RECORD EXTRACTS =
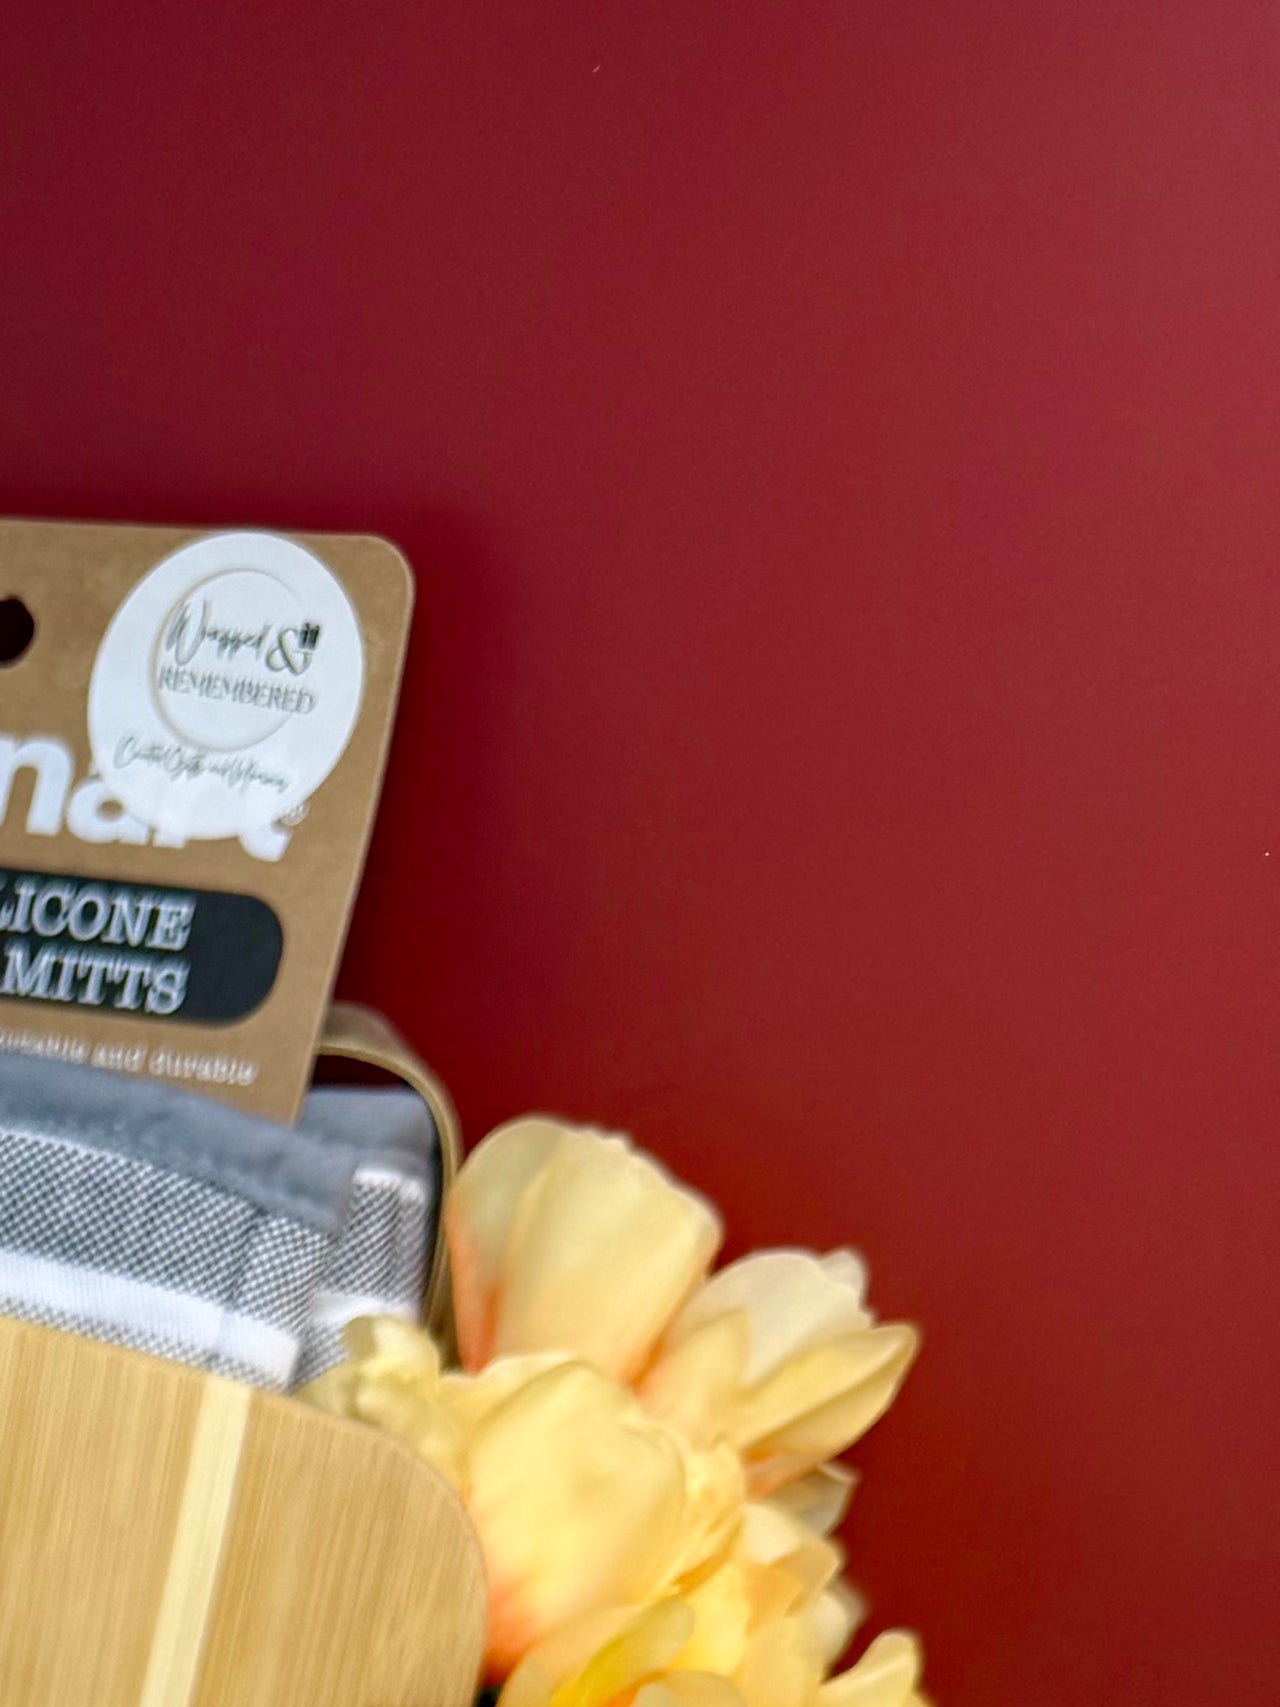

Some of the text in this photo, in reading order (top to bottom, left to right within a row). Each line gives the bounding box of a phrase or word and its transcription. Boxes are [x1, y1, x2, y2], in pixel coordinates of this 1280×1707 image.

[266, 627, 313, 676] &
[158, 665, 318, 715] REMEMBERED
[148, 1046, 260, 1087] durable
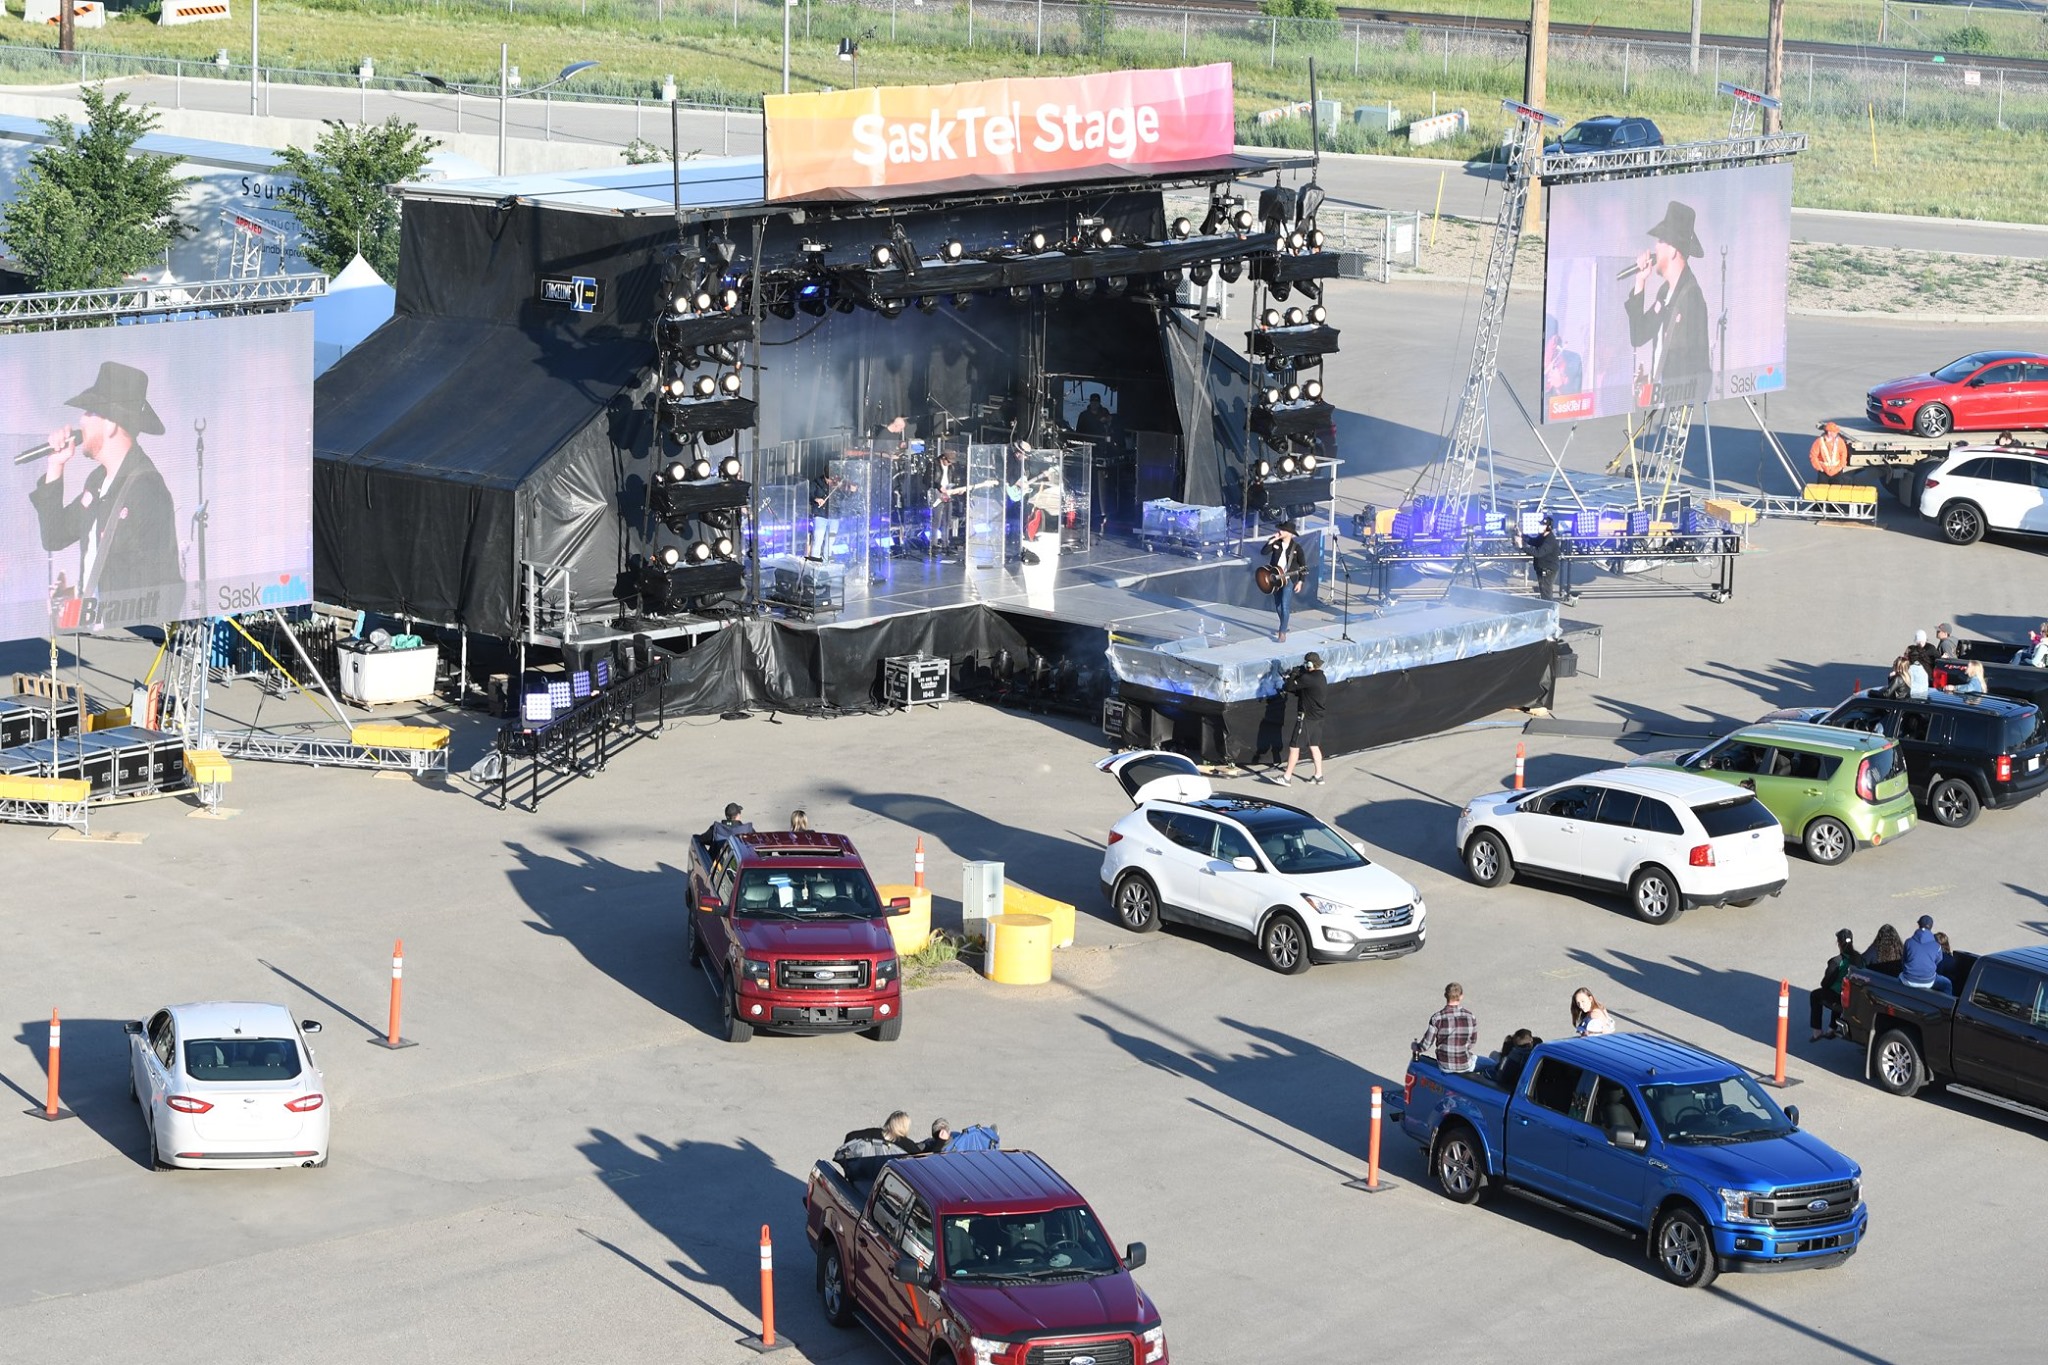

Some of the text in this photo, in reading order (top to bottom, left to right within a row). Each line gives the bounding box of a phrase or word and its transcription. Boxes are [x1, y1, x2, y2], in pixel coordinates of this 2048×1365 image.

EXERCISE INSTRUCTIONS = When you transcribe the entries above, keep every word exact and leave out the pictures.

SOLUTION =
Some of the text in this photo, in reading order (top to bottom, left to right within a row). Each line gives the bounding box of a phrase or word and its transcription. Boxes are [x1, y1, x2, y2], in pixel coordinates of this 1280×1707 image.

[266, 627, 313, 676] &
[158, 665, 318, 715] REMEMBERED
[148, 1046, 260, 1087] durable

Some of the text in this photo, in reading order (top to bottom, left to right within a row). Each line gives the bounding box of a phrase or word and its transcription. Boxes are [x1, y1, x2, y2], in pixel coordinates of this 2048×1365 image.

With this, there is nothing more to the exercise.